As filed with the Securities and Exchange Commission on May 11, 2021

Registration No. 333-

UNITED STATES

SECURITIES AND EXCHANGE COMMISSION

Washington, D.C. 20549

Form S-1

REGISTRATION STATEMENT

UNDER THE SECURITIES ACT OF 1933

iPower Inc.

(Exact name of registrant as specified in its charter)

Nevada 5200 82-5144171
(State or other jurisdiction of incorporation or organization) (Primary Standard Industrial Classification Code Number) (I.R.S. Employer Identification Number)

2399 Bateman Avenue

Duarte, CA 91010

(626) 863-7344

(Address, including zip code, and telephone number, including area code, of registrant’s principal executive offices)


Chenlong Tan

Chief Executive Officer

2399 Bateman Avenue

Duarte, CA 91010

(626) 863-7344

(Name, address, including zip code, and telephone number, including area code, of agent for service)


With copies to:

Stephen A. Weiss, Esq. Megan J. Penick, Esq. Michelman & Robinson LLP 800 Third Avenue New York, New York 10022 Telephone: (212) 730-7700 William L. Hughes, Esq. Marsha Mogilevich, Esq. Orrick, Herrington & Sutcliffe LLP The Orrick Building 405 Howard Street San Francisco, California 94105 Tel: (415) 773-5700 Fax: (415) 773-5759

Approximate date of commencement of proposed sale of the securities to the public: As soon as practicable after this registration statement is declared effective.

If any of the securities being registered on this Form are to be offered on a delayed or continuous basis pursuant to Rule 415 under the Securities Act of 1933, check the following box. ☐

If this Form is filed to register additional securities for an offering pursuant to Rule 462(b) under the Securities Act, please check the following box and list the Securities Act registration statement number of the earlier effective registration statement for the same offering. [X] 333-252629

If this Form is a post-effective amendment filed pursuant to Rule 462(c) under the Securities Act, check the following box and list the Securities Act registration statement number of the earlier effective registration statement for the same offering. ☐

If this Form is a post-effective amendment filed pursuant to Rule 462(d) under the Securities Act, check the following box and list the Securities Act registration statement number of the earlier effective registration statement for the same offering. ☐

Indicate by check mark whether the registrant is a large accelerated filer, an accelerated filer, a non-accelerated filer, smaller reporting company, or an emerging growth company. See the definitions of “large accelerated filer,” “accelerated filer,” “smaller reporting company” and “emerging growth company” in Rule 12b-2 of the Exchange Act.

Large accelerated filer Accelerated filer
Non-accelerated filer [X] Smaller reporting company [X]
Emerging growth company [X]

If an emerging growth company, indicate by check mark if the registrant has elected not to use the extended transition period for complying with any new or revised financial accounting standards provided pursuant to Section 7(a)(2)(B) of the Securities Act. [_]
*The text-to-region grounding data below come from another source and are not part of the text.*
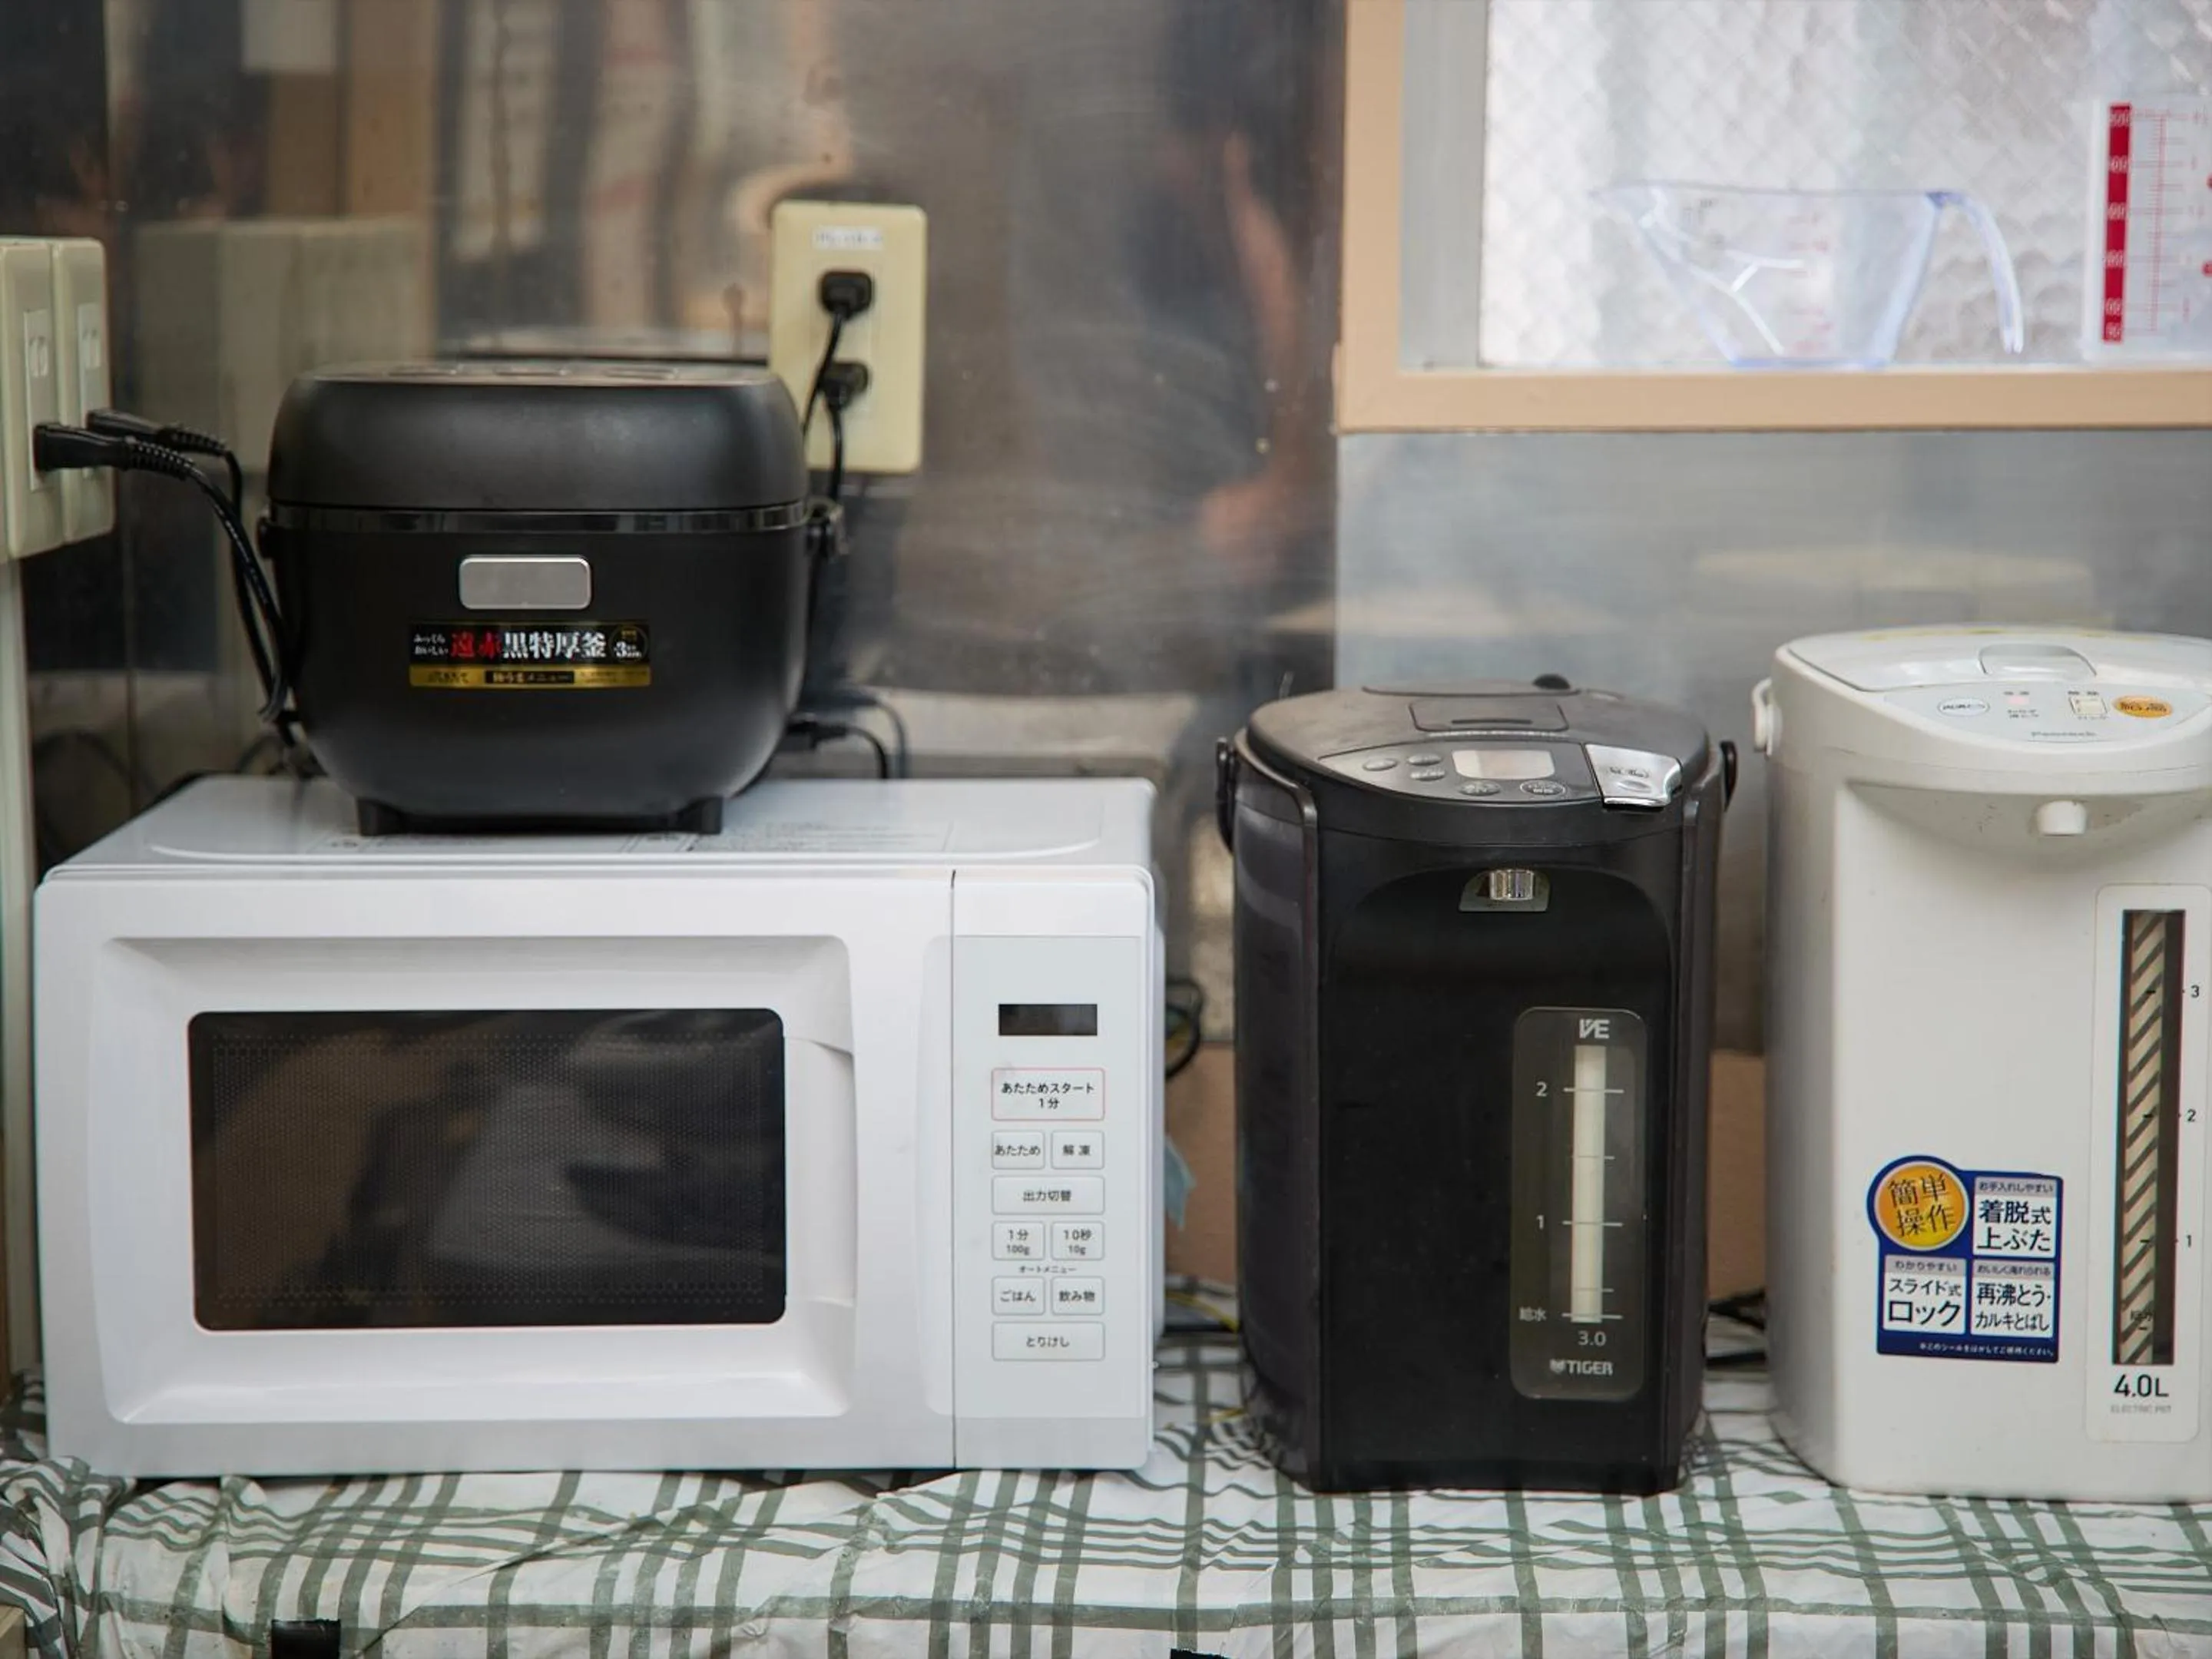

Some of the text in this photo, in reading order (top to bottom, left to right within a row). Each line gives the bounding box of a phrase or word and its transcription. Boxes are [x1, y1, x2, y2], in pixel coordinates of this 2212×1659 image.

[2190, 985, 2200, 998] 3
[1002, 1082, 1094, 1094] あたためスタート
[1536, 1081, 1548, 1097] 2
[1038, 1098, 1059, 1109] 1分
[2187, 1109, 2197, 1122] 2
[995, 1144, 1041, 1157] あたため
[1023, 1190, 1071, 1202] 出力切替
[1888, 1173, 1947, 1208] 簡単
[1979, 1199, 2051, 1225] 着脱式
[1537, 1215, 1545, 1229] 1
[1896, 1204, 1957, 1237] 操作
[1008, 1229, 1029, 1240] 1分
[1063, 1229, 1091, 1240] 10秒
[1976, 1227, 2051, 1252] 上ぶた
[2187, 1234, 2192, 1247] 1
[1006, 1245, 1031, 1256] 100g
[1068, 1245, 1086, 1256] 10g
[1889, 1278, 1962, 1296] スライド式
[999, 1289, 1036, 1302] ごはん
[1058, 1290, 1095, 1303] 飲み物
[1889, 1300, 1961, 1326] ロック
[1975, 1311, 2049, 1332] カルキとばし
[1026, 1336, 1070, 1348] とりけし
[1578, 1330, 1607, 1346] 3.0
[1566, 1359, 1614, 1376] TIGER
[2113, 1373, 2170, 1397] 4.0L
CALCULATION OF REGISTRATION FEE

Title of Each Class of Securities to be Registered Proposed Maximum Offering Price Per Share (2) Proposed Maximum Aggregate Offering Price (1)(2) Amount of Registration Fee (3)
Common Stock, par value $0.001 per share 414,000 $ 5.00 $ 2,070 ,000 $ 226
(1) Includes 54,000 shares subject to the underwriters’ over-allotment option.
(2) Pursuant to Rule 416(a) of the Securities Act of 1933, as amended, this Registration Statement also covers any additional shares of Common Stock which may be issued after the date hereof as a result of stock splits, stock dividends and similar events.
(3) Previously paid. The
Registrant previously registered a total of 3,450,000 shares having a proposed maximum aggregate offering price of $31,050,000 on
its Registration Statement on Form S-1 (File No. 333-252629), which was declared effective by the Securities and Exchange Commission
on May 11, 2021. In accordance with Rule 462(b) under the Securities Act, an additional 414,000 shares of common stock
having a proposed maximum offering price of $2,070,000 is hereby registered.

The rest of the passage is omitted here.